### [Problem description]
Retype the data below exactly; skip every image.

### [Entries shown]
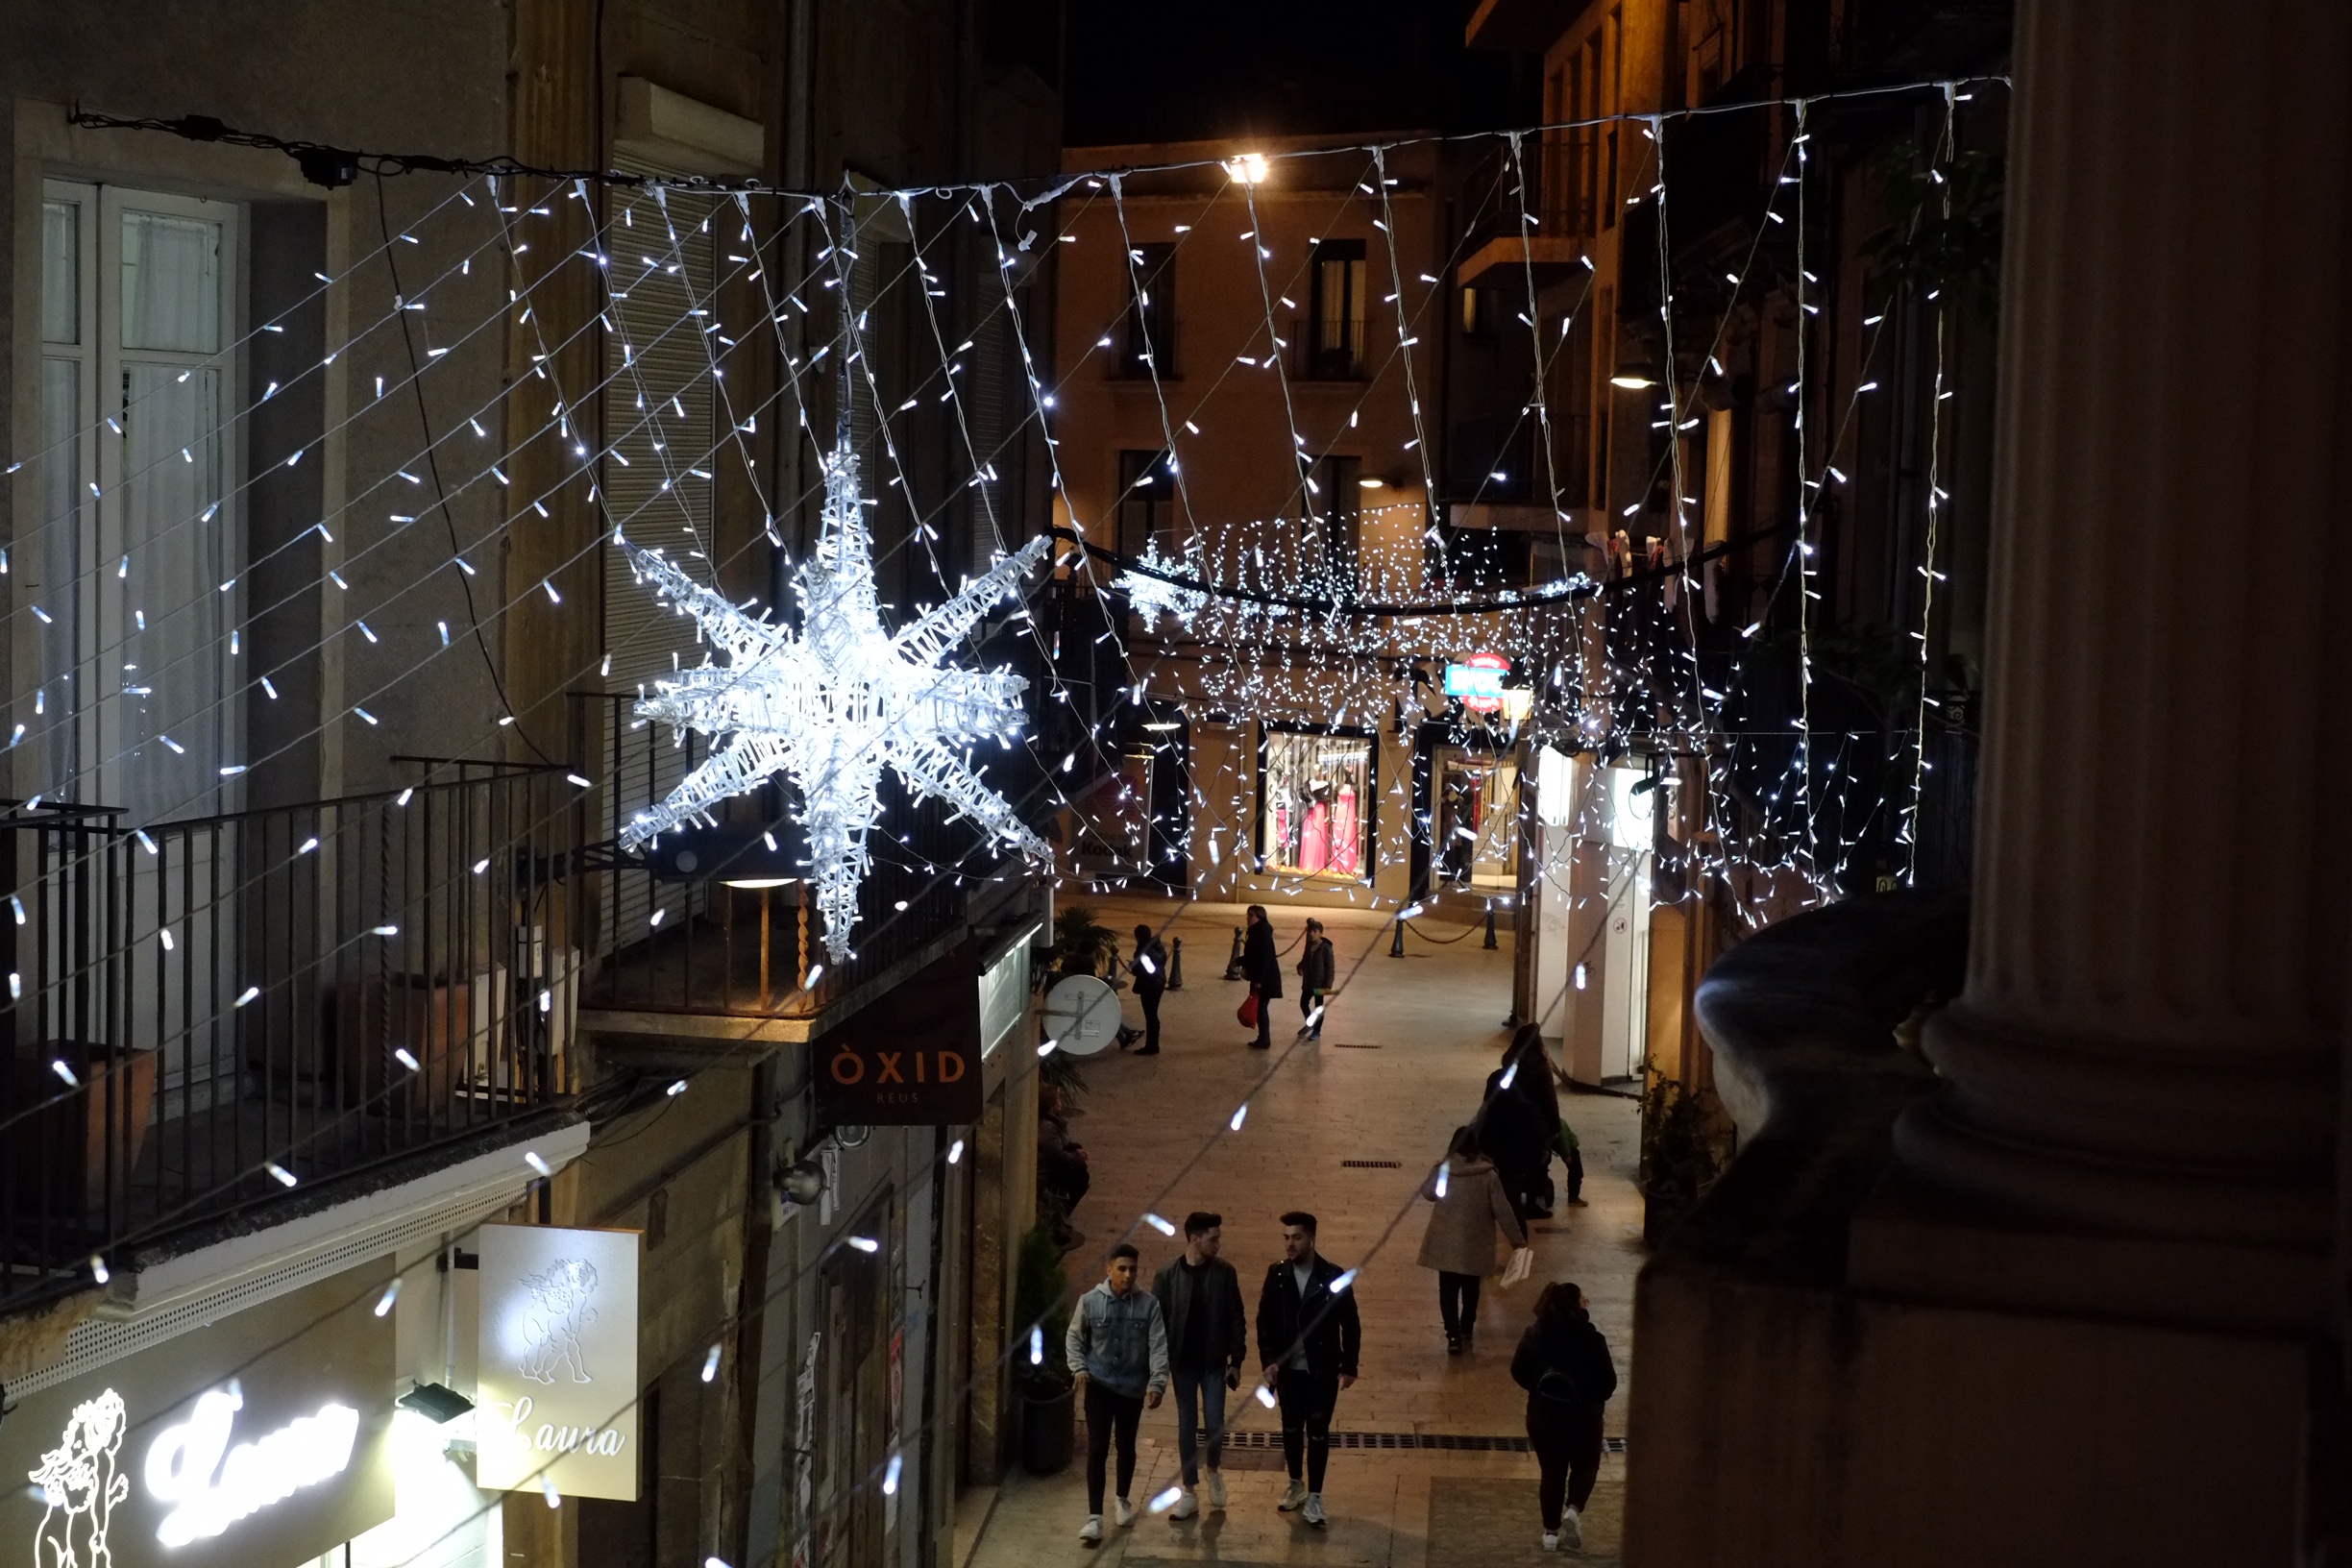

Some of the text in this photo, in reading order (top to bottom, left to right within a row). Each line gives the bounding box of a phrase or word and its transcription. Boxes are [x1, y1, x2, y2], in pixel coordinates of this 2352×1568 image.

[1081, 842, 1133, 858] Kodak
[831, 1043, 965, 1085] ÒXID
[876, 1092, 919, 1104] REUS
[487, 1395, 626, 1457] Laura
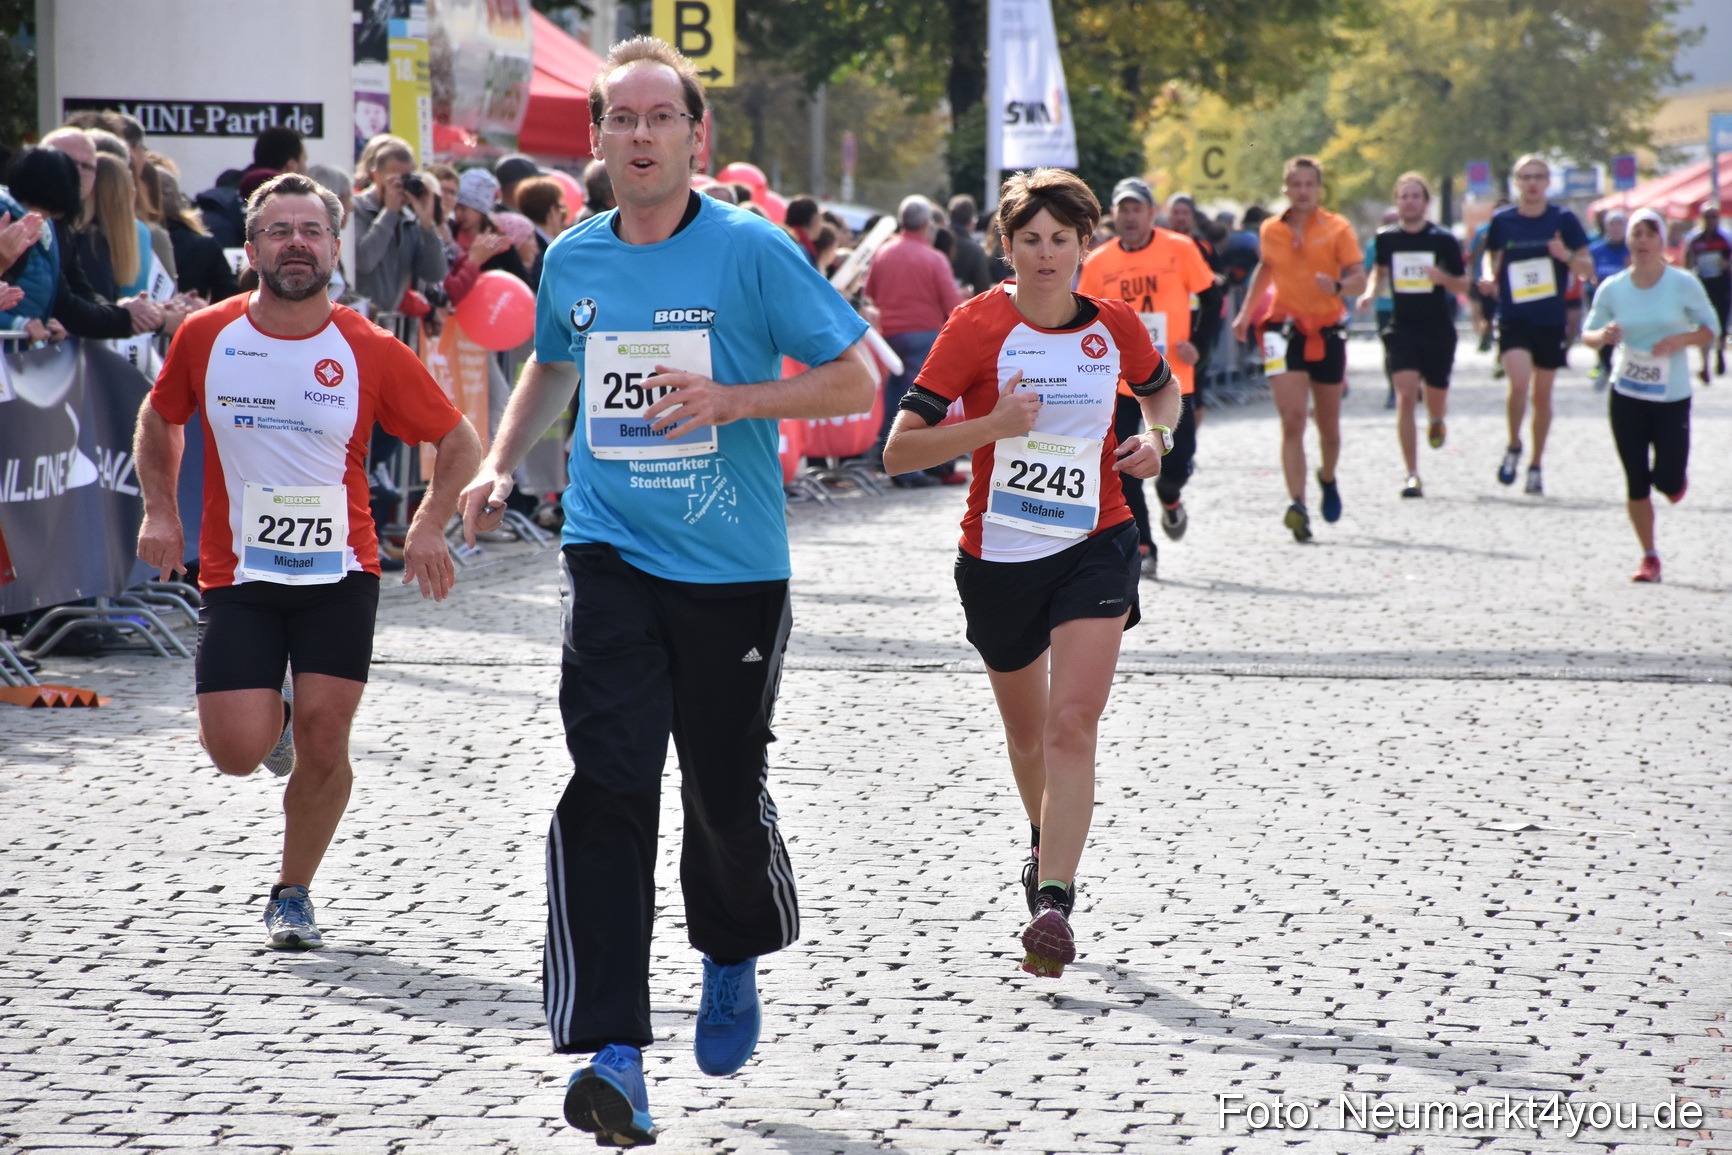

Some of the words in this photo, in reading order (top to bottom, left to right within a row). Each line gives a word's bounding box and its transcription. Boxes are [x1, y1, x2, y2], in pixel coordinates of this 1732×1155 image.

[676, 1, 712, 57] B
[1203, 146, 1225, 179] C
[1120, 275, 1158, 299] RUN
[653, 308, 716, 324] BOCK
[629, 344, 671, 354] BOCK
[1077, 364, 1111, 374] KOPPE
[1625, 361, 1661, 382] 2258
[304, 390, 346, 406] KOPPE
[603, 371, 687, 410] 250
[217, 395, 251, 404] MICHAEL
[253, 397, 276, 406] KLEIN
[257, 416, 305, 426] Raiffeisenbank
[257, 423, 289, 431] Neumarkt
[1037, 442, 1076, 455] BOCK
[629, 458, 711, 473] Neumarkter
[0, 452, 68, 502] IL.ONE
[630, 474, 697, 490] Stadtlauf
[1007, 459, 1086, 499] 2243
[284, 495, 321, 505] BOCK
[695, 489, 718, 518] September
[715, 477, 728, 491] 2017
[1021, 501, 1065, 519] Stefanie
[257, 515, 333, 547] 2275
[274, 554, 314, 568] Michael
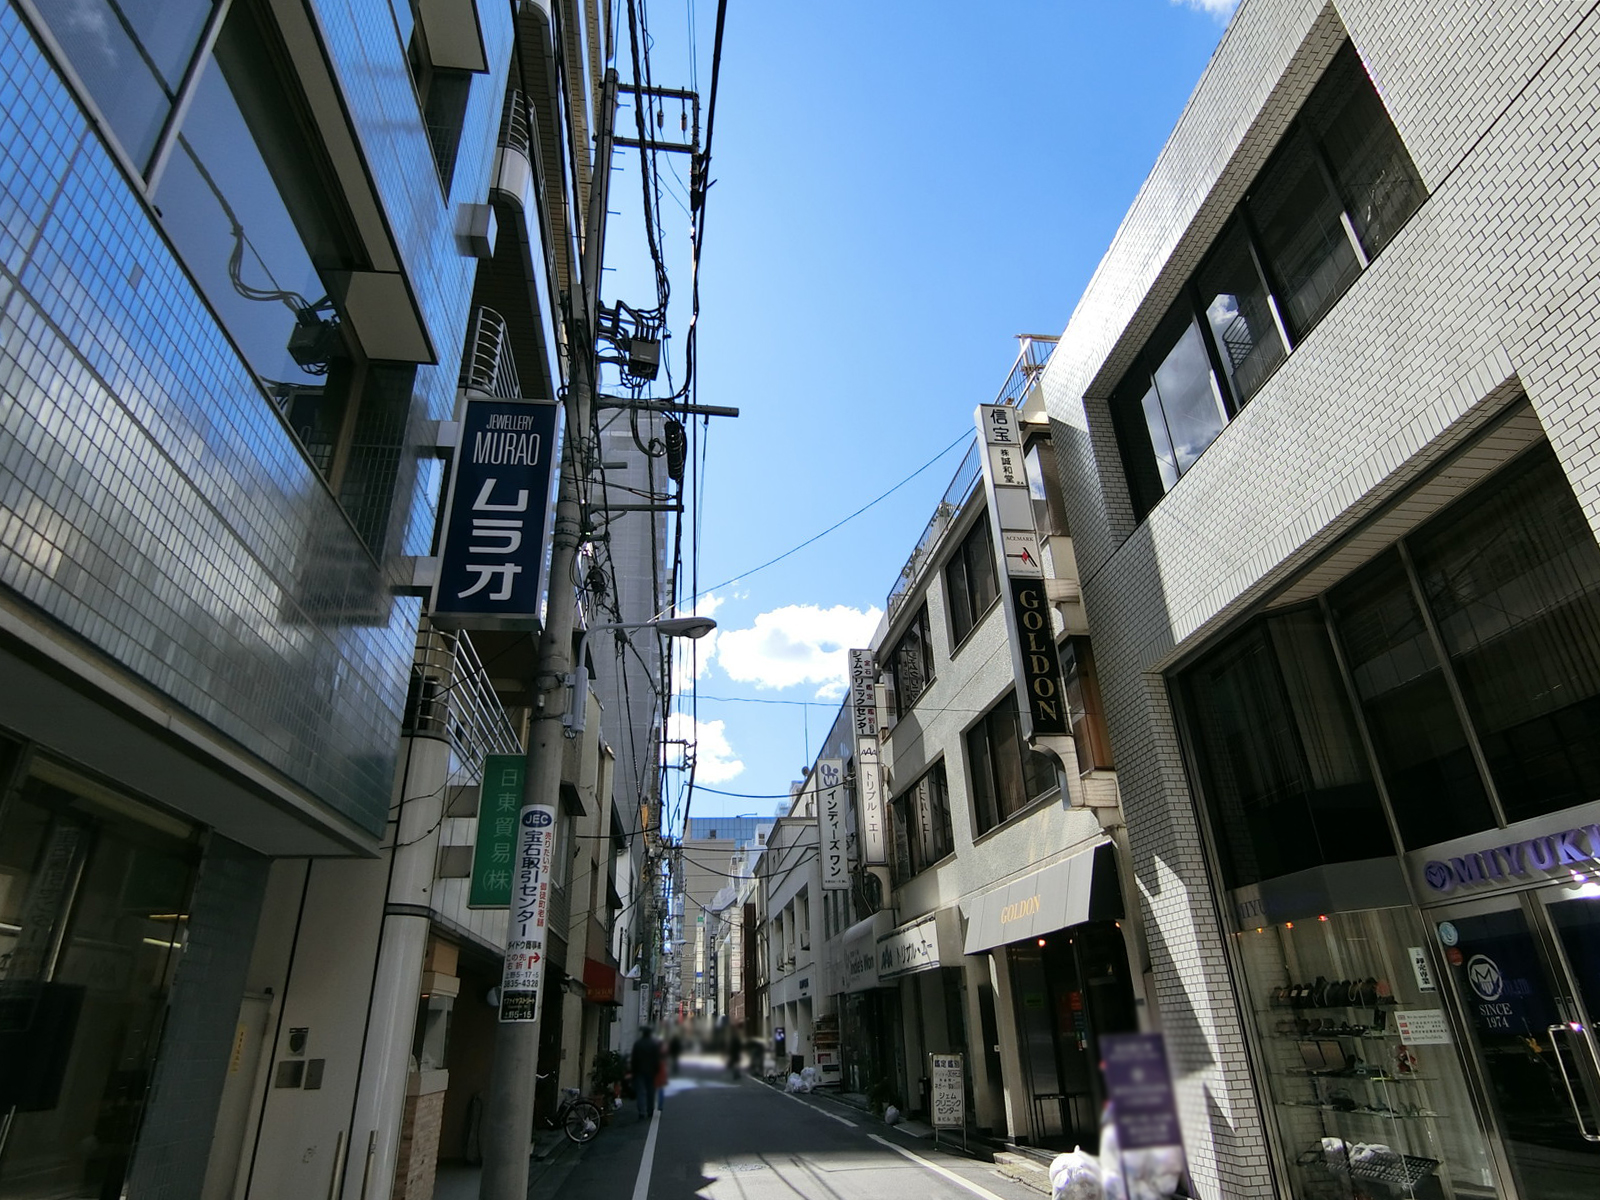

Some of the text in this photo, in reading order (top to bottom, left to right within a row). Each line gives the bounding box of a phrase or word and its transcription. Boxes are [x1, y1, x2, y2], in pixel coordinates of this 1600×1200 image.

[486, 413, 534, 431] JEWELLERY
[472, 431, 540, 466] MURAO
[457, 478, 529, 600] ムラオ
[1019, 589, 1058, 721] GOLDON
[517, 829, 544, 937] 宝石取引センター
[1000, 894, 1041, 924] GOLDON
[1479, 1002, 1514, 1016] SINCE
[1486, 1016, 1511, 1029] 1974

### [Your response]
Some of the text in this photo, in reading order (top to bottom, left to right within a row). Each line gives the bounding box of a phrase or word and its transcription. Boxes are [x1, y1, x2, y2], in pixel coordinates of this 2352×1568 image.

[1081, 842, 1133, 858] Kodak
[831, 1043, 965, 1085] ÒXID
[876, 1092, 919, 1104] REUS
[487, 1395, 626, 1457] Laura

Some of the words in this photo, in reading order (top to bottom, left to right within a row). Each line gives a word's bounding box and its transcription. Boxes are [x1, y1, x2, y2], in pixel coordinates of this 1732×1155 image.

[676, 1, 712, 57] B
[1203, 146, 1225, 179] C
[1120, 275, 1158, 299] RUN
[653, 308, 716, 324] BOCK
[629, 344, 671, 354] BOCK
[1077, 364, 1111, 374] KOPPE
[1625, 361, 1661, 382] 2258
[304, 390, 346, 406] KOPPE
[603, 371, 687, 410] 250
[217, 395, 251, 404] MICHAEL
[253, 397, 276, 406] KLEIN
[257, 416, 305, 426] Raiffeisenbank
[257, 423, 289, 431] Neumarkt
[1037, 442, 1076, 455] BOCK
[629, 458, 711, 473] Neumarkter
[0, 452, 68, 502] IL.ONE
[630, 474, 697, 490] Stadtlauf
[1007, 459, 1086, 499] 2243
[284, 495, 321, 505] BOCK
[695, 489, 718, 518] September
[715, 477, 728, 491] 2017
[1021, 501, 1065, 519] Stefanie
[257, 515, 333, 547] 2275
[274, 554, 314, 568] Michael

Some of the text in this photo, in reading order (top to bottom, left to right within a row). Each line gives the bounding box of a phrase or word and its transcription. Boxes are [x1, y1, x2, y2], in pixel coordinates of this 1600×1200 image.

[486, 413, 534, 431] JEWELLERY
[472, 431, 540, 466] MURAO
[457, 478, 529, 600] ムラオ
[1019, 589, 1058, 721] GOLDON
[517, 829, 544, 937] 宝石取引センター
[1000, 894, 1041, 924] GOLDON
[1479, 1002, 1514, 1016] SINCE
[1486, 1016, 1511, 1029] 1974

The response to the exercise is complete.